Task item
An exact copy of every entry is needed, without any of the pictures.

Phrase grounding data
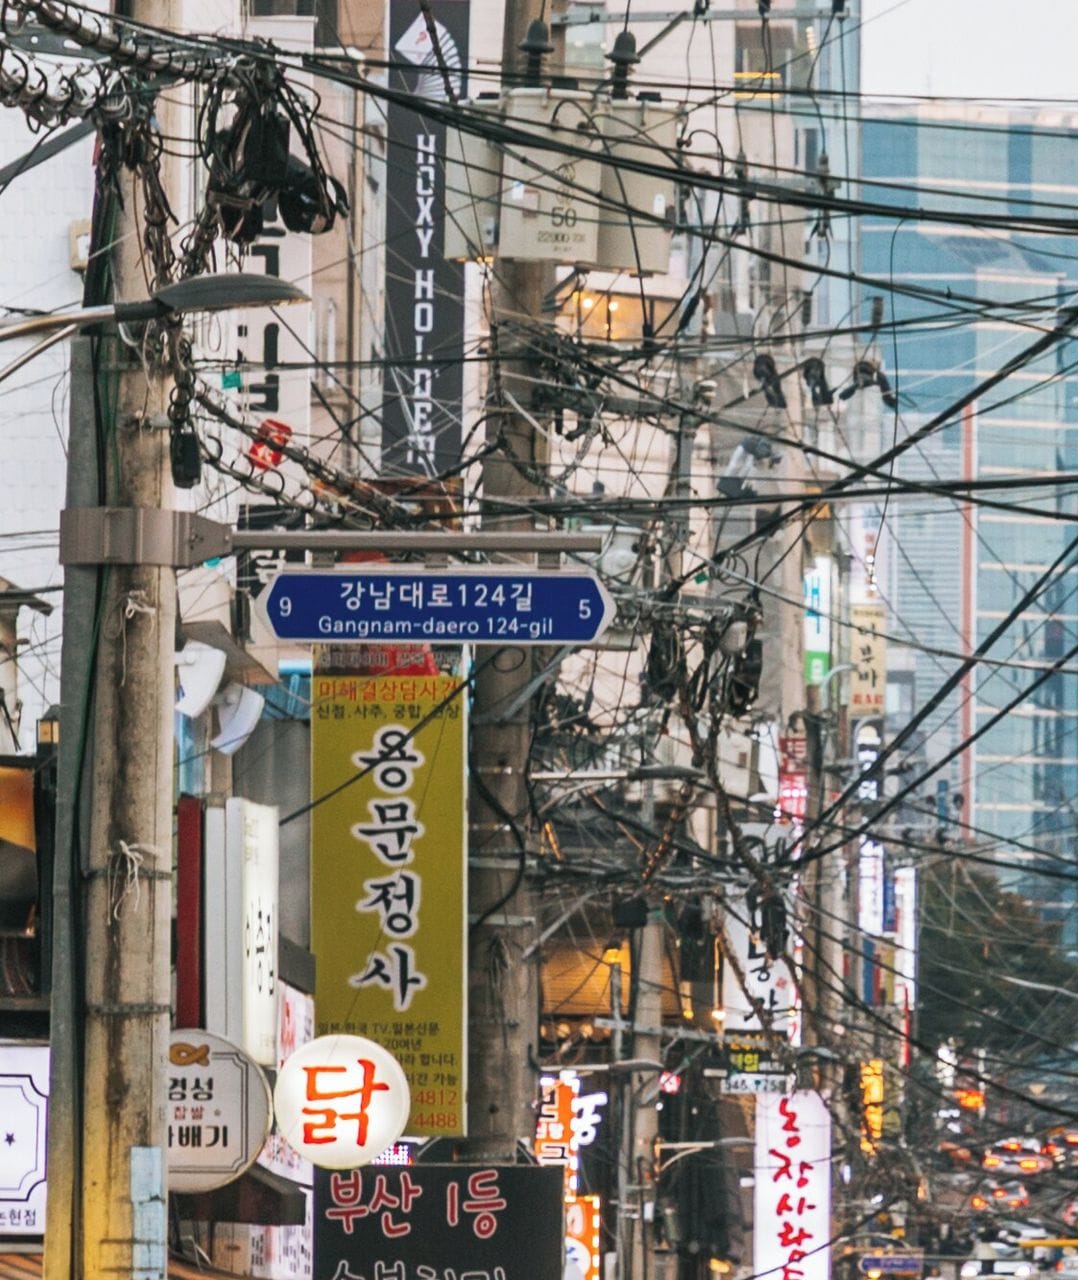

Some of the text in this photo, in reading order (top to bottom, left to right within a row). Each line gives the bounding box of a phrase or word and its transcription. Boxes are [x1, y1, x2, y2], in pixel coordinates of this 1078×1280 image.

[279, 597, 292, 617] 9
[340, 581, 533, 612] 강남대로124길
[578, 598, 592, 619] 5
[318, 616, 554, 639] Gangnam-daero 124-gil
[352, 725, 426, 1011] 용문정사
[302, 1058, 390, 1147] 닭
[415, 1090, 458, 1107] 4812
[326, 1170, 422, 1238] 부산
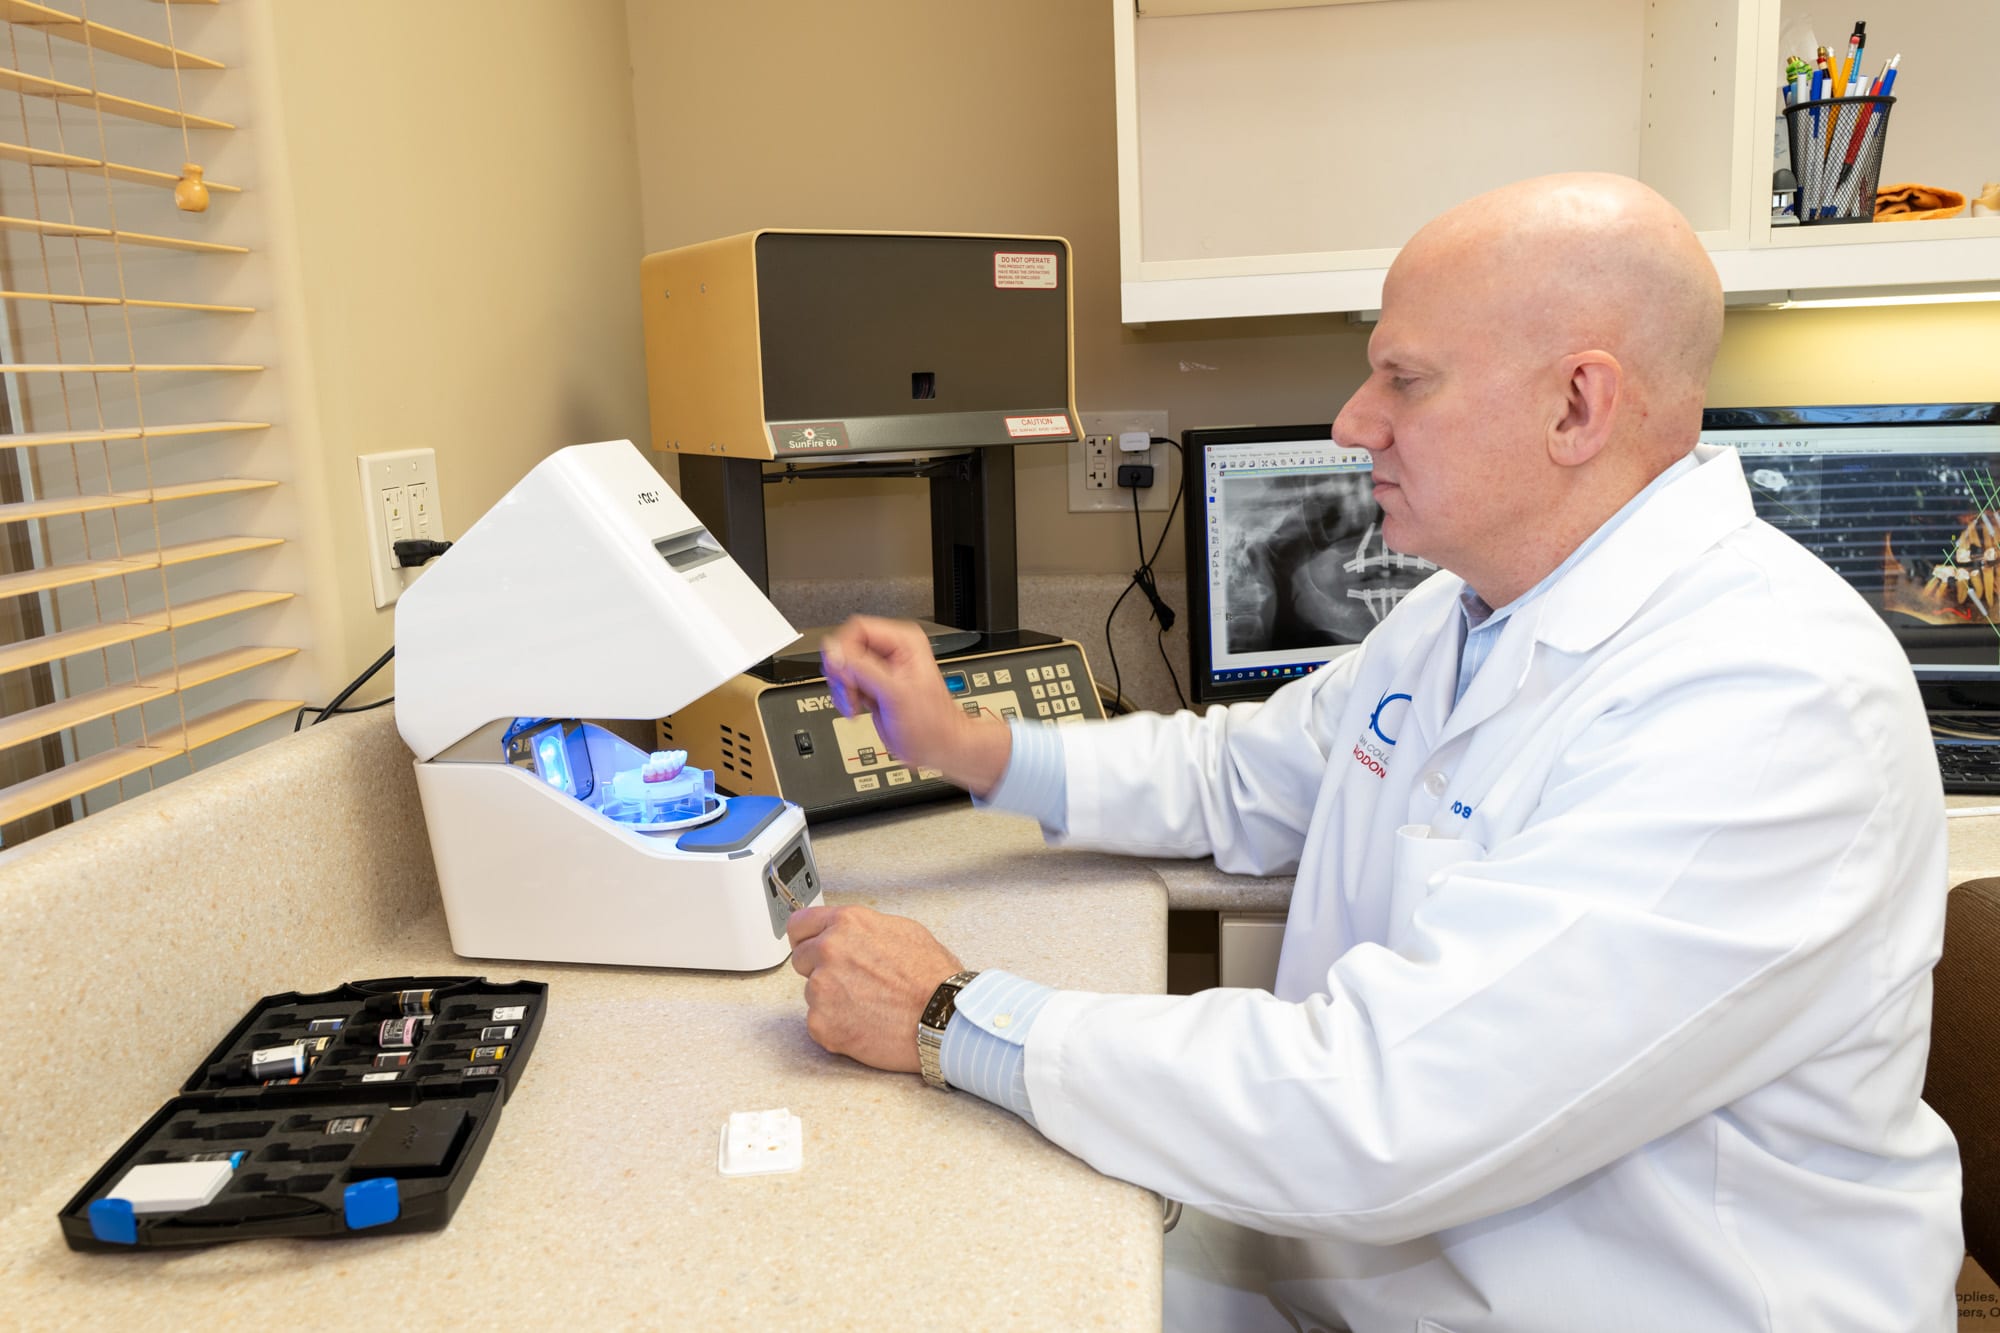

Answer for the task
Some of the text in this photo, in reading order (top to bottom, left to right within a row). Each line gives the bounding box of a phrase or word and its transcription. Boxes are [x1, y1, x2, y2], in pixel coordinates of this 1078×1280 image.

[279, 597, 292, 617] 9
[340, 581, 533, 612] 강남대로124길
[578, 598, 592, 619] 5
[318, 616, 554, 639] Gangnam-daero 124-gil
[352, 725, 426, 1011] 용문정사
[302, 1058, 390, 1147] 닭
[415, 1090, 458, 1107] 4812
[326, 1170, 422, 1238] 부산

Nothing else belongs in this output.